Early childhood advocates were elated by Obama’s State of the Union proposal to vastly expand our infrastructure of early childhood programs. Economists like Nobel laureate James Heckman have long argued that early childhood education is the best financial investment a society can make. Gaps in ability that predict future life outcomes tend to open wide at an early age, so the call to level the playing field for young kids is both welcome and overdue.
The cornerstone of Obama’s proposal is a plan to make preschool education available for all four-year-olds at or below 200 percent of the poverty line. Pre-K funds would be distributed to local school districts and much of the programming would likely be placed in existing elementary schools. States would have access to federal dollars if they met “quality benchmarks,” including state-level learning and assessment standards. This sounds reasonable enough.
But the devil is in the details, and in this case, those details may not be developmentally appropriate for young children. If you need a cautionary tale of what goes wrong when politicians and school boards ride roughshod over the developmental needs of children, you need look no further than the dramatic changes to Kindergarten over the last decade.
There are many good arguments for situating preschools within our existing K-12 public school infrastructure. Low pay has always been a barrier to preschool quality so it makes sense to professionalize the preschool work force with the same credentialing requirements, professional development opportunities, and salaries as other public school teachers. Many states have already adopted this model, with 28% of four-year-olds currently enrolled in a public preschool, so scaling up makes more sense than continuing our piecemeal approach.
Unfortunately, however, we’ve seen what state mandates look like and the results are a problem. Cash-strapped states jumped on the ‘accountability’ bandwagon, with its promise of an educational free lunch.
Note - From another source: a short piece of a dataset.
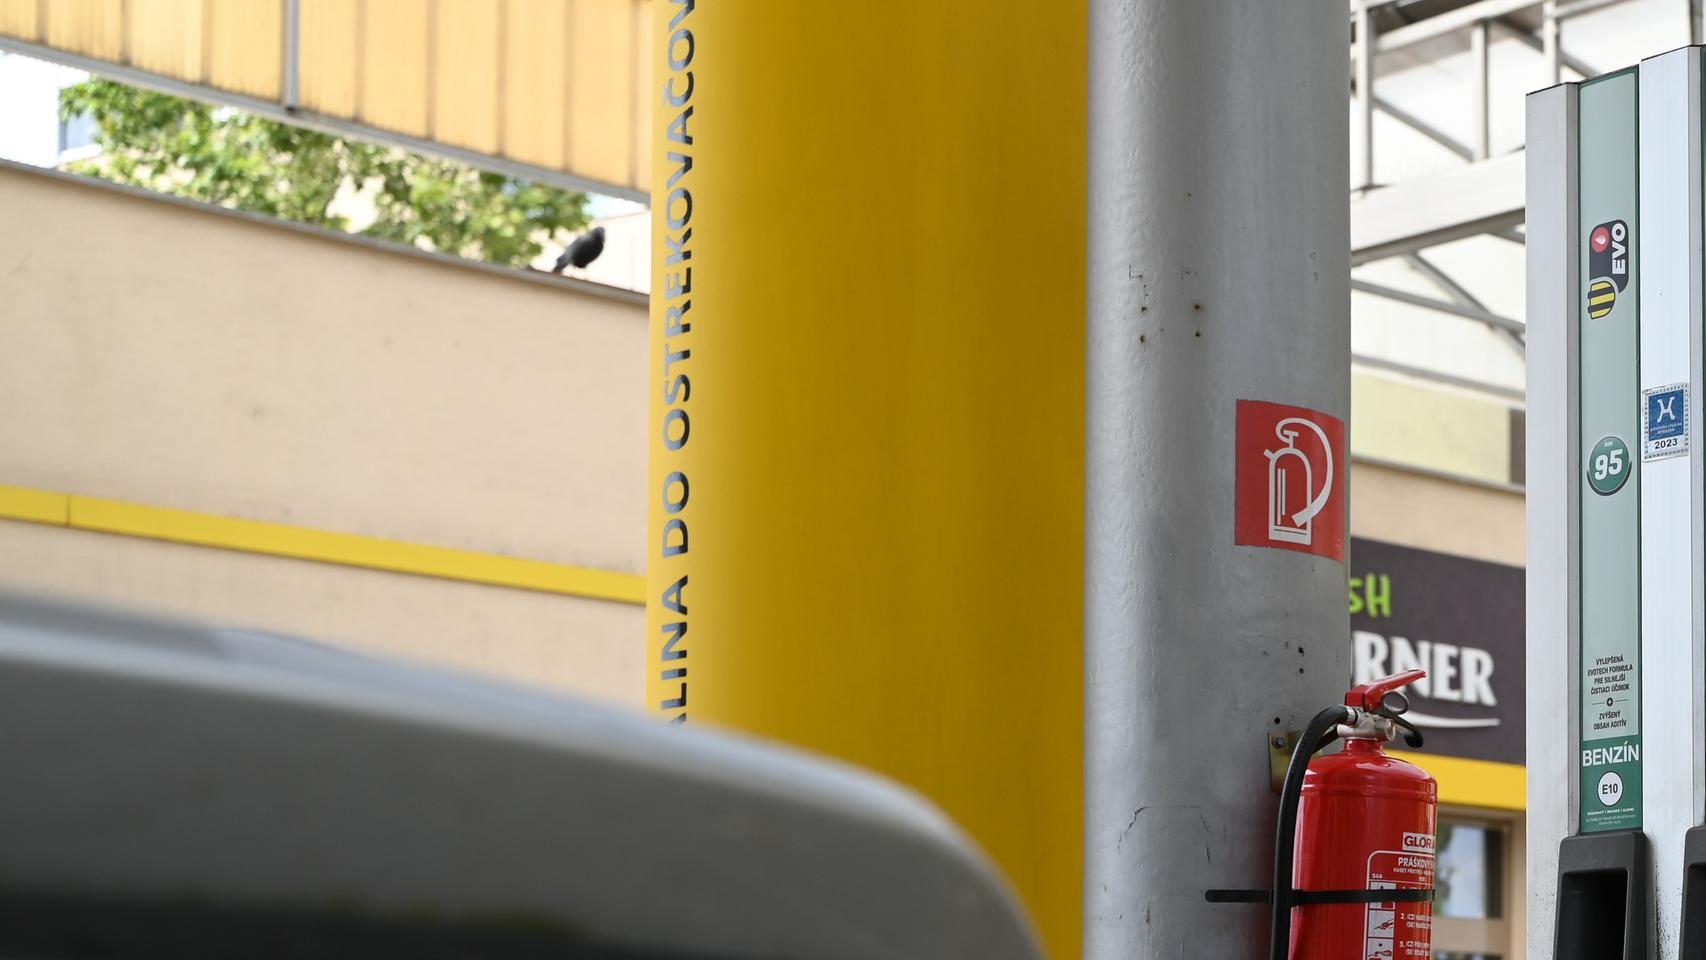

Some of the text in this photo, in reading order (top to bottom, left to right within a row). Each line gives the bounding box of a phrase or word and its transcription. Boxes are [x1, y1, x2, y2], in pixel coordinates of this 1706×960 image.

But it turned out that testing students was not the same thing as actually educating them, and a curriculum focused narrowly on isolated skills has created a generation that knows very little about how the world works and is increasingly ill equipped for the basic requirements of citizenry.
Those skills have been pressed on the earliest pupils—Kindergarteners. Kindergarten classrooms today have been scrubbed of many of the essential ingredients including freedom for dramatic play, creativity, and conversation. Gone are blocks and dress-up corners and dedicated play time. Artwork has been replaced with word walls promising a “print-rich” environment that few five year-olds can, in reality, actually understand. Drill and kill worksheets are the norm. Many kids can’t handle the pressure: suspensions in the early years have increased dramatically since the 1970s, even trickling down to preschools where children are expected to be “ready” for a kindergarten curriculum that would have been more appropriate to a 1st or second grade classroom 20 years ago. Parents who can afford it are now extending preschool by a year to alleviate some of this stress. We’re now seeing six-year-olds entering kindergarten, which can create even wider gaps in a classroom and the appearance of failure for the less advanced children.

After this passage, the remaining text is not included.